A travers l’exemple du projet de mine d’or à ciel ouvert de Rosia Montana en Roumanie (1), l’émission Envoyé Spécial diffusée le 16 novembre, a montré les failles systémiques et les dérives du mécanisme de règlement des différends entre investisseurs et États. Ce dernier permet aux investisseurs étrangers d’attaquer un Etat suite à l’adoption de mesures dont ils jugent qu’elles portent atteinte à leurs intérêts. L’explosion du nombre de poursuites contribue à une érosion progressive de la capacité de réguler des Etats, notamment en matière environnementale et sanitaire.
Conscient des risques que fait peser ce système sur les politiques climatiques, le gouvernement français a proposé dans son plan d’action sur le CETA (2), de mettre en place un “veto climatique”. Ce veto permettrait d’écarter les plaintes des multinationales canadiennes à l’encontre des mesures ayant pour but de réduire les émissions de gaz à effet de serre. Si l’objectif est louable, le gouvernement s’est malheureusement contenté de reprendre une formule suggérée par les experts de la Commission d’évaluation du CETA, en la vidant de son contenu.
La Fondation pour la Nature et l’Homme et l’Institut Veblen publient aujourd’hui une note de décryptage sur le “veto climatique”. Cette note montre que le “veto” proposé par le gouvernement ne pourra pas atteindre ses objectifs et proposent des mesures concrètes pour le mettre en place (3).
L’urgence est là car la Commission Européenne généralise ce mécanisme dans les accords de commerce qu’elle négocie. Pire, elle sollicite un mandat de négociation pour promouvoir une Cour multilatérale d’investissement qui pourrait avoir pour effet d’étendre encore plus largement les droits des investisseurs à l’ensemble des flux d’investissement internationaux (4). Ce mandat est en cours d’examen par les pays membres et pourrait être délivré dans les prochaines semaines.
Si le véto climatique pourrait permettre d’écarter certaines plaintes des investisseurs, il ne protégerait pas l’ensemble des politiques d’intérêt général.

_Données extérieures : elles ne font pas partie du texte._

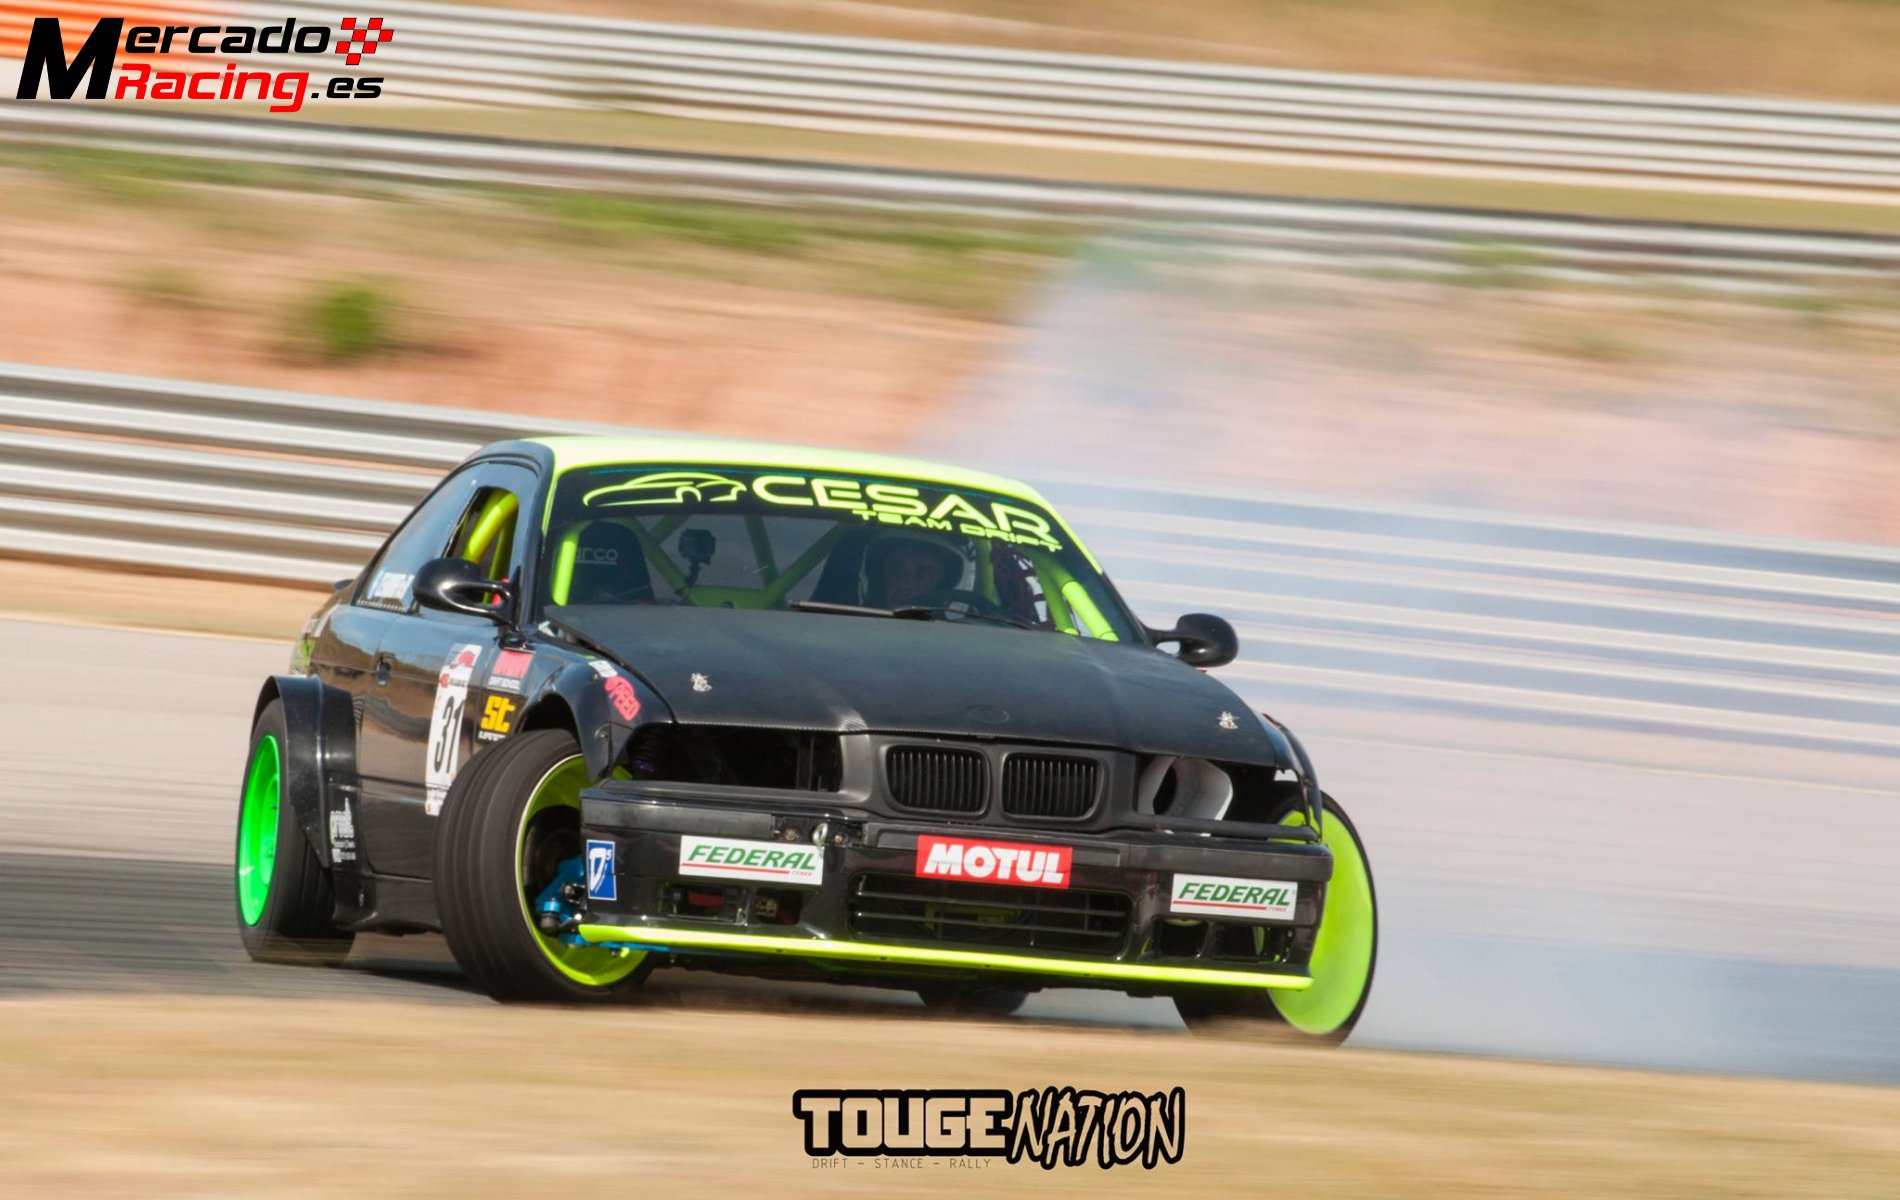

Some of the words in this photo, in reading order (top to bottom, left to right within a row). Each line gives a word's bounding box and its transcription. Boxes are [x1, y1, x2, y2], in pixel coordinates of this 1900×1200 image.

[752, 475, 1061, 545] CESAR
[852, 509, 952, 531] TEAM
[960, 523, 1063, 552] DRIFT
[434, 695, 465, 774] 31
[687, 844, 816, 871] FEDERAL
[923, 842, 1065, 885] MOTUL
[1178, 882, 1291, 906] FEDERAL
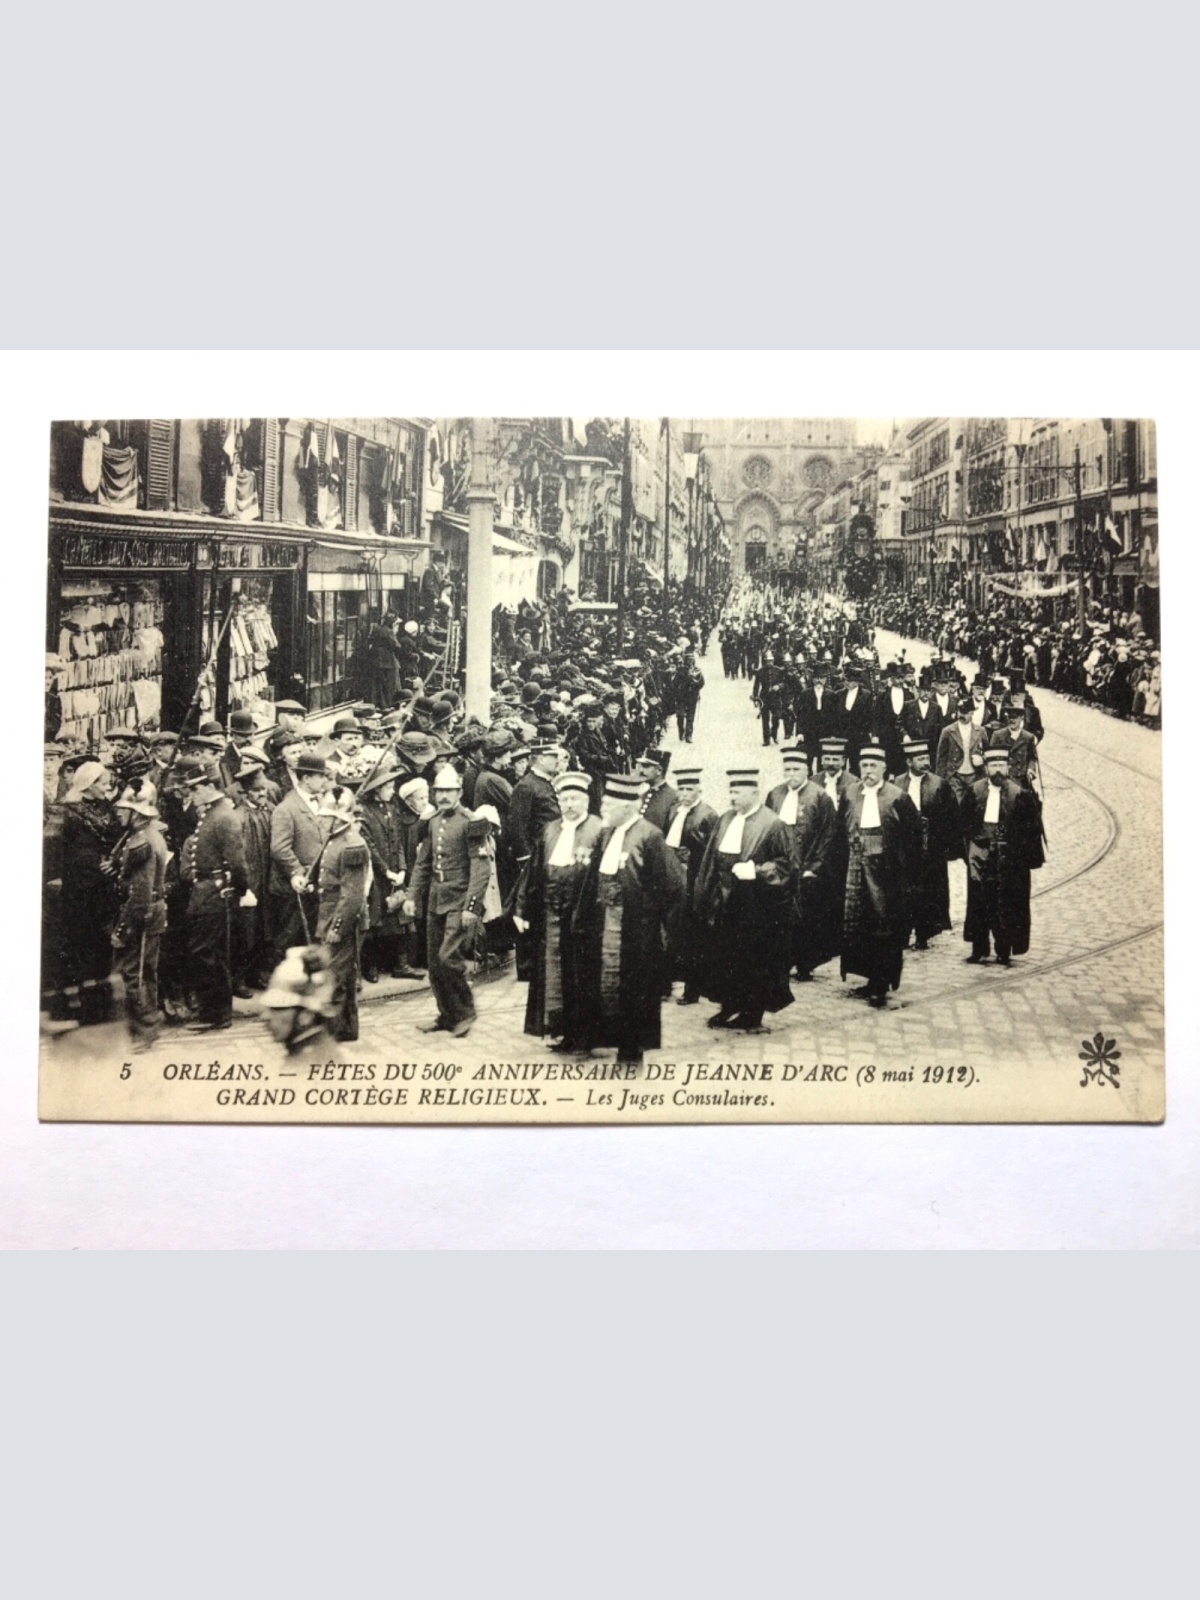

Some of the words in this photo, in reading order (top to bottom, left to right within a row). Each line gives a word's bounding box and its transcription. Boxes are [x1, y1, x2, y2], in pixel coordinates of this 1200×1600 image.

Des poursuites similaires à celles de Rosia Montana resteraient par exemple possibles. C’est pourquoi l’Institut Veblen et la FNH plaident pour une réforme beaucoup plus large du droit de l’investissement.
Notes
(1) L’entreprise canadienne, Gabriel Resource, comptait ouvrir la plus grande mine d’or à ciel ouvert d’Europe, à Rosia Montana, en Roumanie et aurait investi selon elle près de 630 millions d’euros dans ce projet. Mais face à l’extraordinaire mobilisation citoyenne, et à la mise à jour par les tribunaux roumains de l’obtention illégale de permis, le parlement roumain a finalement décidé d’interrompre ce projet. L’entreprise réclame désormais près de 4 milliards à la Roumanie en compensation des profits non réalisés, via un tribunal d’arbitrage privé, dans le cadre des accords bilatéraux noués avec le Canada et le Royaume Uni. Voir Poursuites investisseurs Etats : une vraie mine d’or. Une multinationale minière canadienne contraint les roumains à accepter la mine d’or toxique de Roşia Montană, AITEC, CEO, CIDRM, Mining Watch, Association Alburnus Maior, Mai 2017
(2) Le mécanisme de règlement des différends entre investisseurs et Etats ne fait pas partie des dispositions entrées en vigueur provisoirement le 21 septembre 2017. Il n’entrera en vigueur que si l’ensemble des pays membres ratifie le CETA. Sa compatibilité avec les traités européens est actuellement a fait l’objet d’une saisine de la Cour de Justice de l’Union européenne par la Belgique, fin août 2017. Pour information, dans le cadre des traités d’investissement existants, les investisseurs canadiens sont les 5èmes plus grands utilisateurs de l’ISDS. Parmi les 55 plaintes recensées jusqu’en 2015, 62% concernaient les ressources naturelles ou le secteur de l’énergie et 58% la gestion des ressources naturelles ou des mesures de protection de l’environnement. Voir ‘A Losing Proposition. The Failure of Canadian ISDS Policy at Home and Abroad’, Canadian Centre for Policy Alternatives, August 2015.
(3) Note de décryptage sur le veto climatique, de l’Institut Veblen et de la FNH.
(4) Selon les estimations, la couverture des flux d’investissements directs à l’étranger par des mécanismes de règlement des différends entre investisseurs et États pourrait passer de 15-20 % actuellement à 80 % si tous les accords envisagés sont signés. A propos de la proposition de la Commission européenne de Cour Multilatérale des investissement, voir la note de l’Institut Veblen.